Spell Check Stories

I had this on my office wall for a time:


**MS Word presents....Jabberwocky!**

'Teas billing, and the slushy tones
Did gyre and gamble in the wave:
All mimes were the boogies,
And the mime rats outrage. 

"Beware the Jabberwocky, my son!
The jaws that bite, the claws that catch!
Beware the Jujube bird, and shun
The furious Bandersnatch!"
He took his viral sword in hand:
Long time the manhole foe he sought --
So rested he by the Tutu tree,
And stood awhile in thought.
And, as in huffish thought he stood,
The Jabberwocky, with eyes of flame,
Came whiffing through the bulgy wood,
And burbled as it came!
One, two! One, two! And through and through
The viral blade went snicker-snack!
He left it dead, and with its head
He went galumphing back.
"And, has thou slain the Jabberwocky?
Come to my arms, my beamish boy!
O frabjous day! Callow! Allay!'
He chortled in his joy.

'Teas billing, and the slushy tones
Did gyre and gamble in the wave;
All mimes were the boogies,
And the mime rats outrage. 


Once we’re done with spellchecker stories, maybe we could tackle “mixed metaphor stories.” :smiley:

I’m actually surprised by how many words got through. Amazing how many were adapted into common use.

It seems like the capitalized ones made it - perhaps they were assumed to be proper names and left alone?

I’m a fan of this poem on the topic:

I wrote an article on the Milice of New France (Canada), hit spell check and hit send.

And ended up with several cases of the “Malice of New France”, “French Malice” and variations there of.

I stopped blushing about it after a year or two.

You reminded me of when Maura McHugh was coaching for the Sacramento Monarchs of the WNBA. In an article about that women’s basketball team, her name appeared as “Aura Chug”.

About a year ago, my neighbor had vandals throw chunks of sod and dirt into her pool. She was peeved and delivered fliers to everyone in the neighborhood encouraging them to, “Be vigilante.” Heh.

Speaking of …

Someone at my Fortune 500 retailer company once did this. From my email account. To a distribution list of 200 people. Including the CMO.

He was doing some reporting while I was on vacation so he just used my computer to do it. Instead of logging out and logging back in as himself, I gave him permission to use my email address as people were used to getting that email from me anyway. One night while I was on vacation, I decided to check my email and saw one from a coworker that said “You do know that incontinence is an inability to control your bodily functions, right?” I wondered what the hell that was about so I checked the Sent mail. Luckily I found it pretty funny and no one ever held it against me!

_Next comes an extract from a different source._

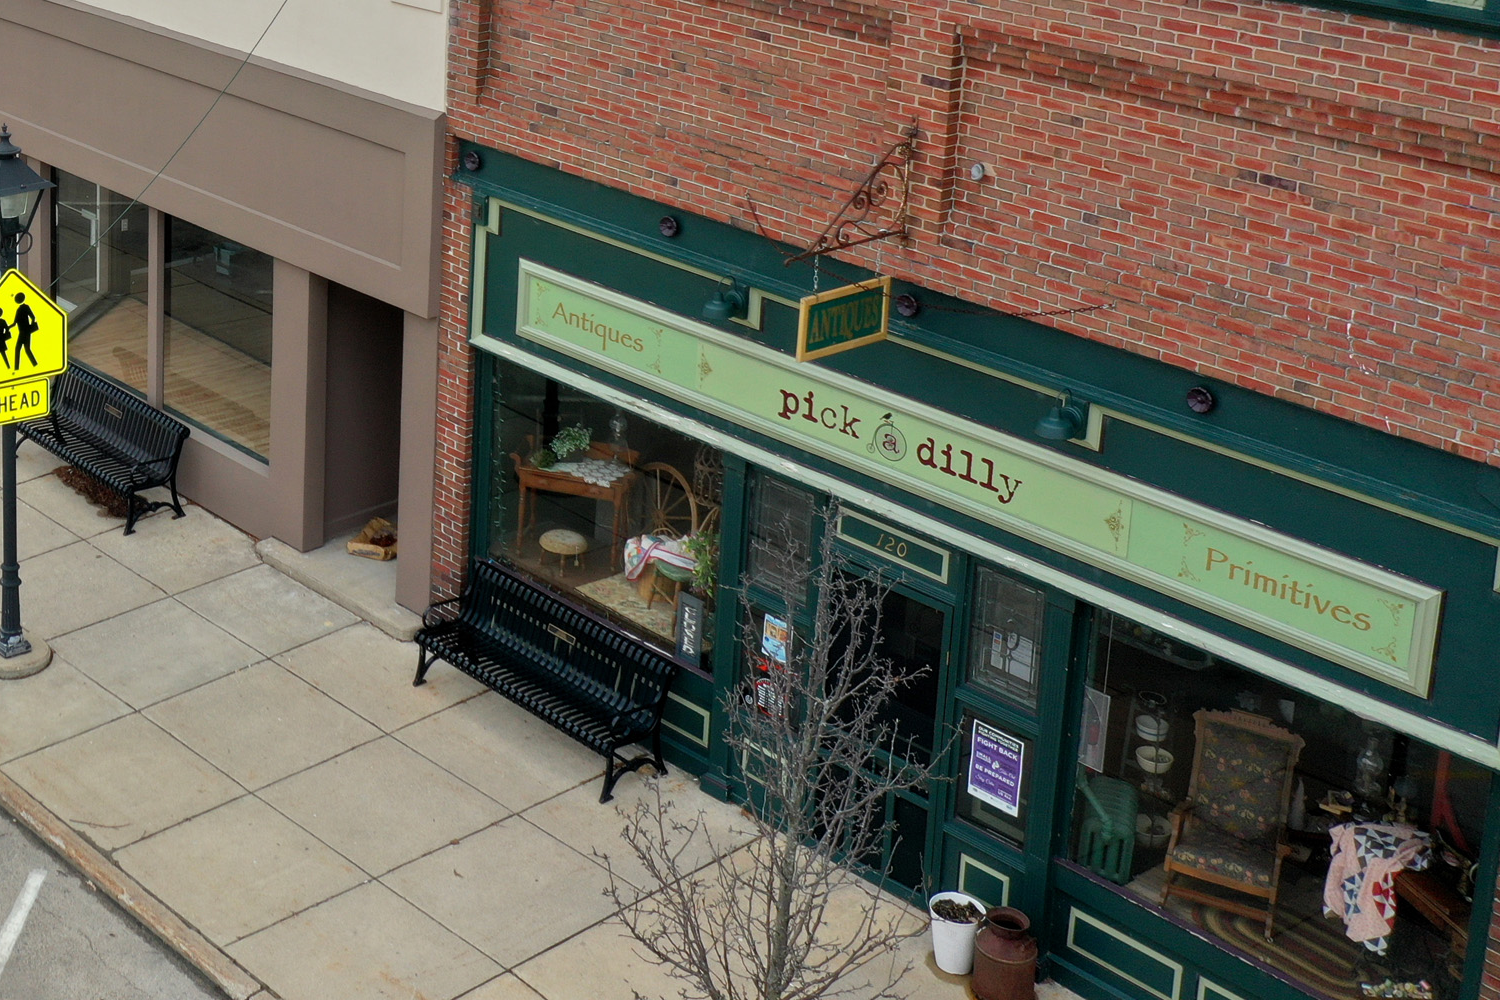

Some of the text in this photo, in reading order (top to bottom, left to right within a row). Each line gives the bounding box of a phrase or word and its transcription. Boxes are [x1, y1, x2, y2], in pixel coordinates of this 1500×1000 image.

There is a well known cognitive psychologist called Ulric Neisser. His last name is pronounced “nicer,” however, the WordPerfect 5.1 spellchecker says he is Nastier.

I wonder if it was programmed by a disgruntled former student.

My dentist is an Indian lady named Savithri Ravindran, or (to the Thunderbird spellchecker) Mithridates Hindrances.

Spellchecker can lead you to make ill-advised corrections, but Word’s auto-correct feature can make those ill-advised corrections without you even noticing, as soon as you finish typing the word. It’s handy for me, when I type “teh” and it autocorrects to “the”. But it can also be used for evil purposes.

If you have access to someone else’s computer, you can fire up Word and edit the Autocorrect database, instructing it to replace particular misspellings (or even entirely correct spellings) with the word or phrase of your choice. For example, you can tell it to replace “manager” with “asshole manager”. or “programmer” with “code monkey”. Giant substitutions like that will be immediately obvious to the victim, but if you’re truly evil, you can get it to make more subtle substitutions that aren’t likely to be noticed until the document has been sent. For example, replace “Bob” with “Boob.”

I was in the Air Force when I first found out about this feature.

Autocorrecting your NCO’s computer to change his last name to “Butthurt” seemed like a good idea at the time, but in retrospect, not so much.

OK, I know this thread is a bit old, but I couldn’t resist this one. My wife and I are currently in the process of legal separation. Her attorney’s name is Makupson. The spellchecker in Firefox just suggested to me that this should be Breakups.

Seems ideal for a divorce attorney.

My old Amstrad Word Processor I had when I did my Masters always suggested changing “Rupert Murdoch” to “Raper Murderer.”

I never found out if it was actually attempting to correct the spelling or making a political statement.

hahahahaha

One of the early versions of spellchecker would change my last name to Pissed Off. I don’t know why, but it did!

I really dislike that they are not coming with context spell checkers, how hard would it be to tell them to stop and ask you if you mean “X” instead of “Z” when your “favorite” misspelled words are typed?